----- Study material -----
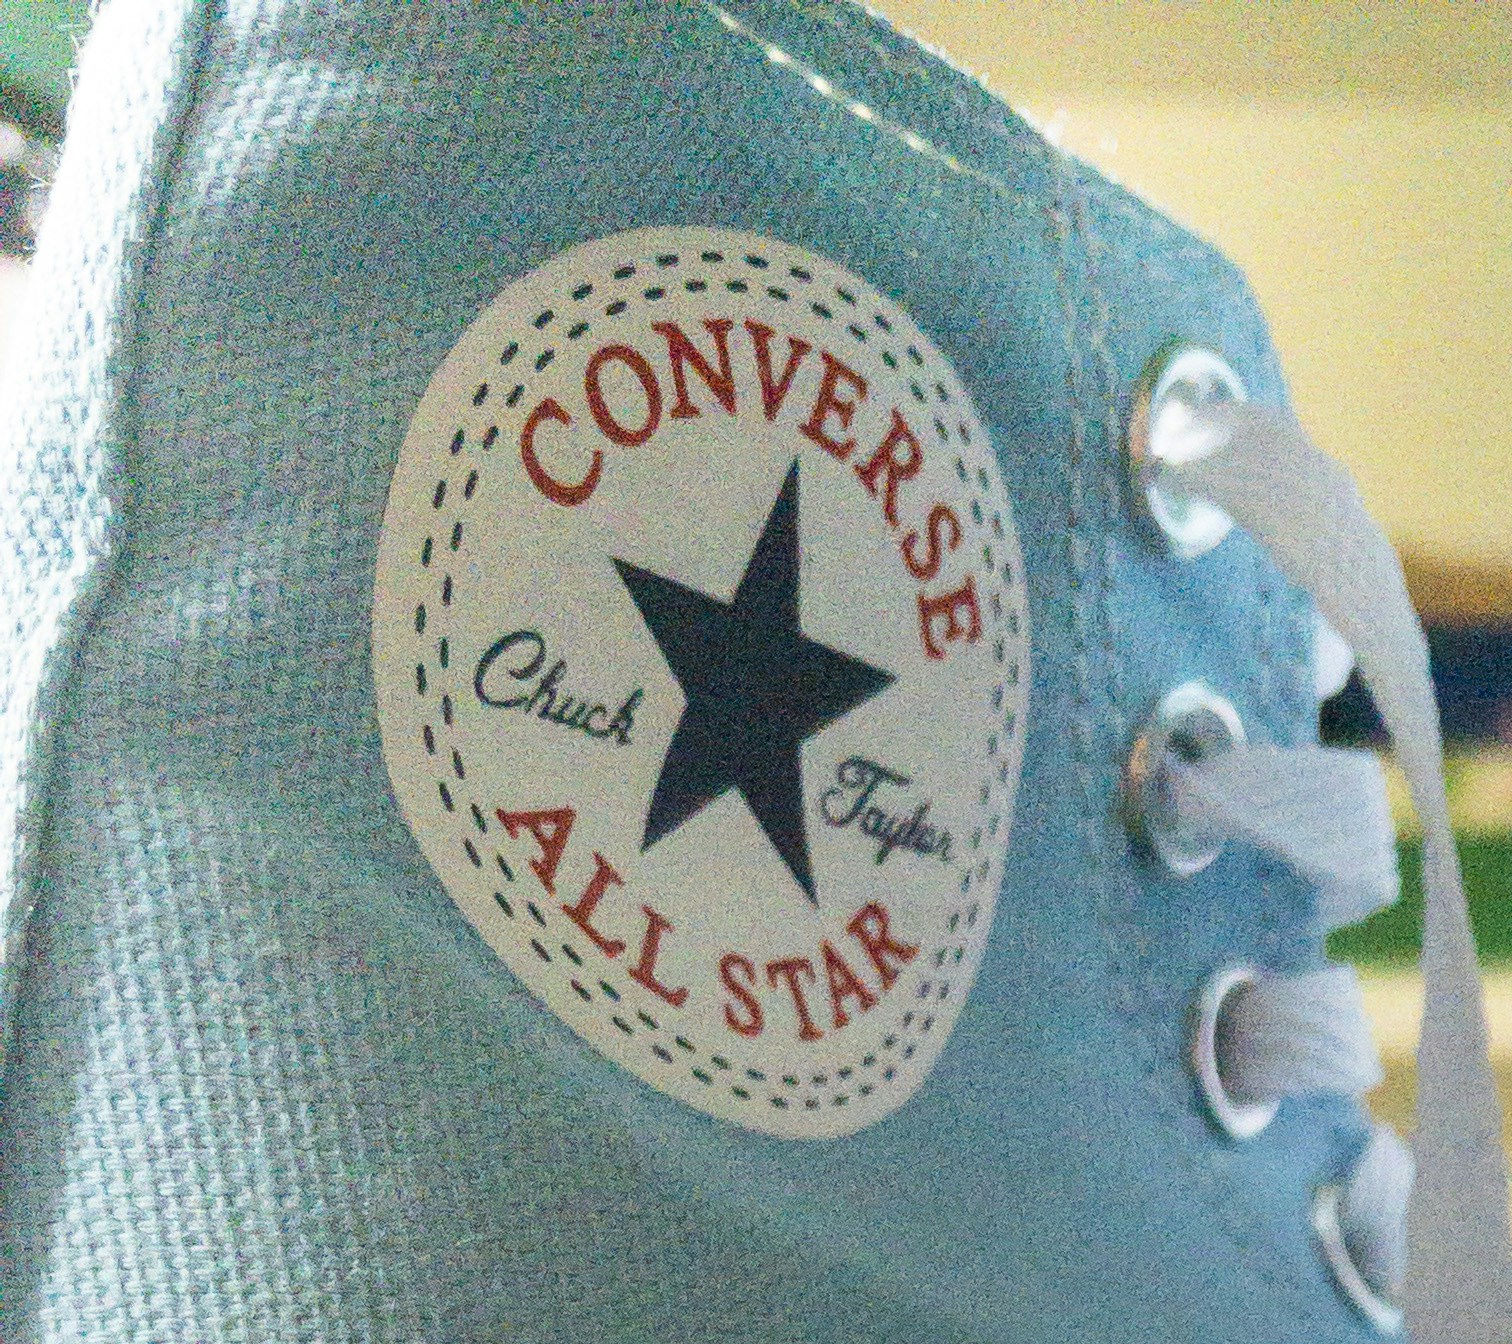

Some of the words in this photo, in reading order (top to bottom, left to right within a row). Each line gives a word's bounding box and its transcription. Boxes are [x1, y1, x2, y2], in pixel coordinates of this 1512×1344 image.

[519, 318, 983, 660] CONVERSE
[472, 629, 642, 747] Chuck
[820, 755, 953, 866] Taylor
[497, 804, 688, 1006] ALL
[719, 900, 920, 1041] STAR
-----
**Exercise**
Your task is to reproduce every record exactly while omitting the pictures.

**Result below**
Some of the words in this photo, in reading order (top to bottom, left to right within a row). Each line gives a word's bounding box and its transcription. Boxes are [x1, y1, x2, y2], in pixel coordinates of this 1512×1344 image.

[519, 318, 983, 660] CONVERSE
[472, 629, 642, 747] Chuck
[820, 755, 953, 866] Taylor
[497, 804, 688, 1006] ALL
[719, 900, 920, 1041] STAR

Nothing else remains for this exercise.